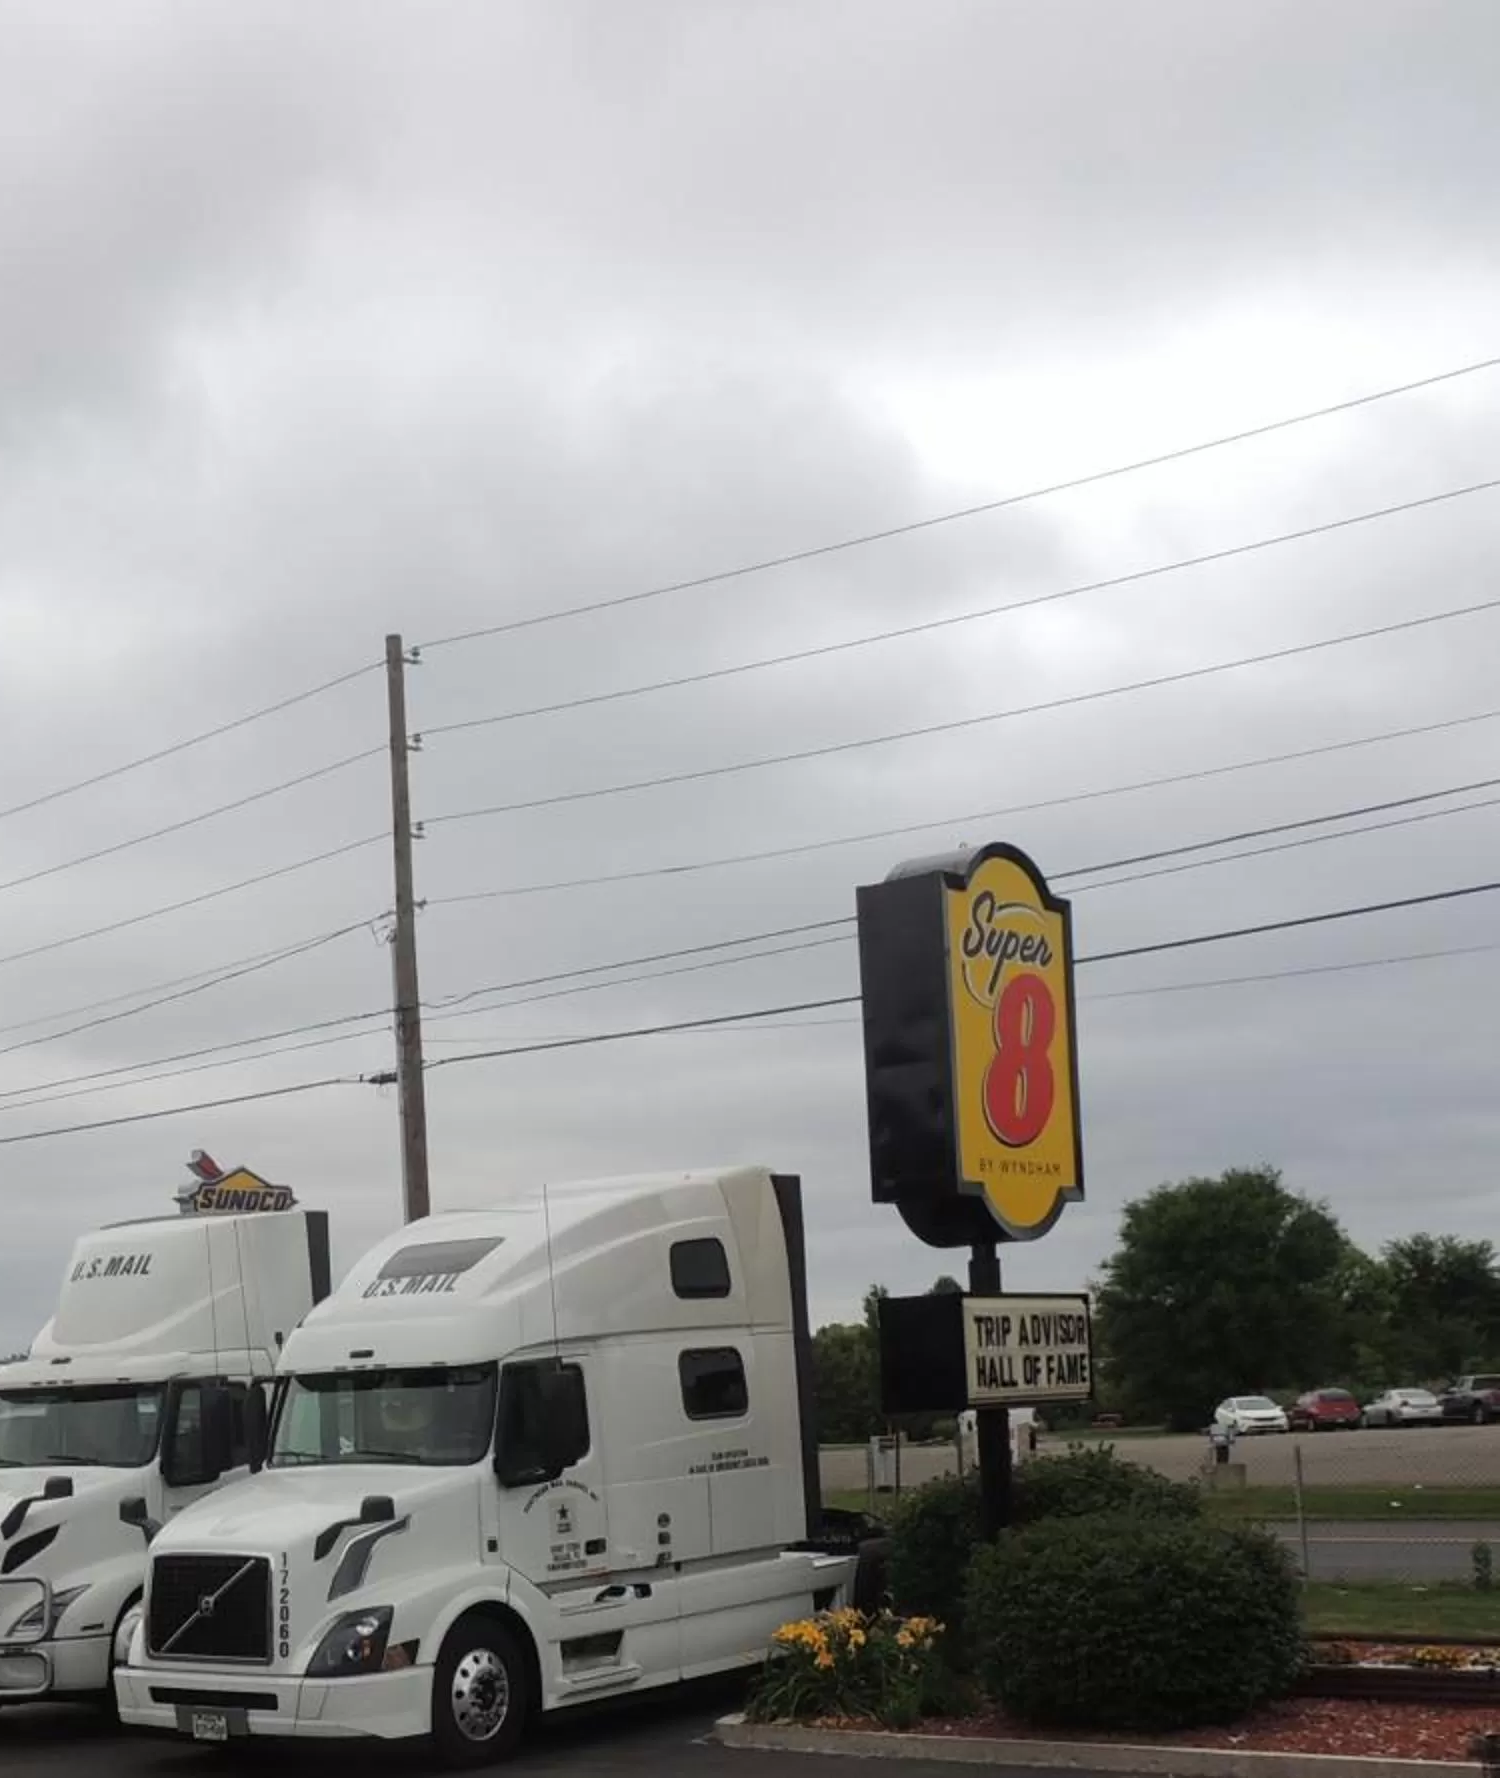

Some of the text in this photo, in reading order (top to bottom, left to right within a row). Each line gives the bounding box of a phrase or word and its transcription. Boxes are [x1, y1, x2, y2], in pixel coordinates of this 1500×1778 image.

[963, 890, 1053, 995] Super
[982, 973, 1057, 1149] 8
[979, 1157, 1062, 1177] BY WYNDHAM
[200, 1188, 289, 1212] SUNOCO
[973, 1313, 1087, 1348] TRIP ADVISOR
[975, 1353, 1088, 1389] HALL OF FAME
[279, 1551, 290, 1659] 172060

::::

▶ _PROBLEM STATEMENT_
Although the records include pictures, output only their text, exactly and completely.

▶ _SOLUTION TO THIS PROBLEM_
Some of the text in this photo, in reading order (top to bottom, left to right within a row). Each line gives the bounding box of a phrase or word and its transcription. Boxes are [x1, y1, x2, y2], in pixel coordinates of this 1500×1778 image.

[963, 890, 1053, 995] Super
[982, 973, 1057, 1149] 8
[979, 1157, 1062, 1177] BY WYNDHAM
[200, 1188, 289, 1212] SUNOCO
[973, 1313, 1087, 1348] TRIP ADVISOR
[975, 1353, 1088, 1389] HALL OF FAME
[279, 1551, 290, 1659] 172060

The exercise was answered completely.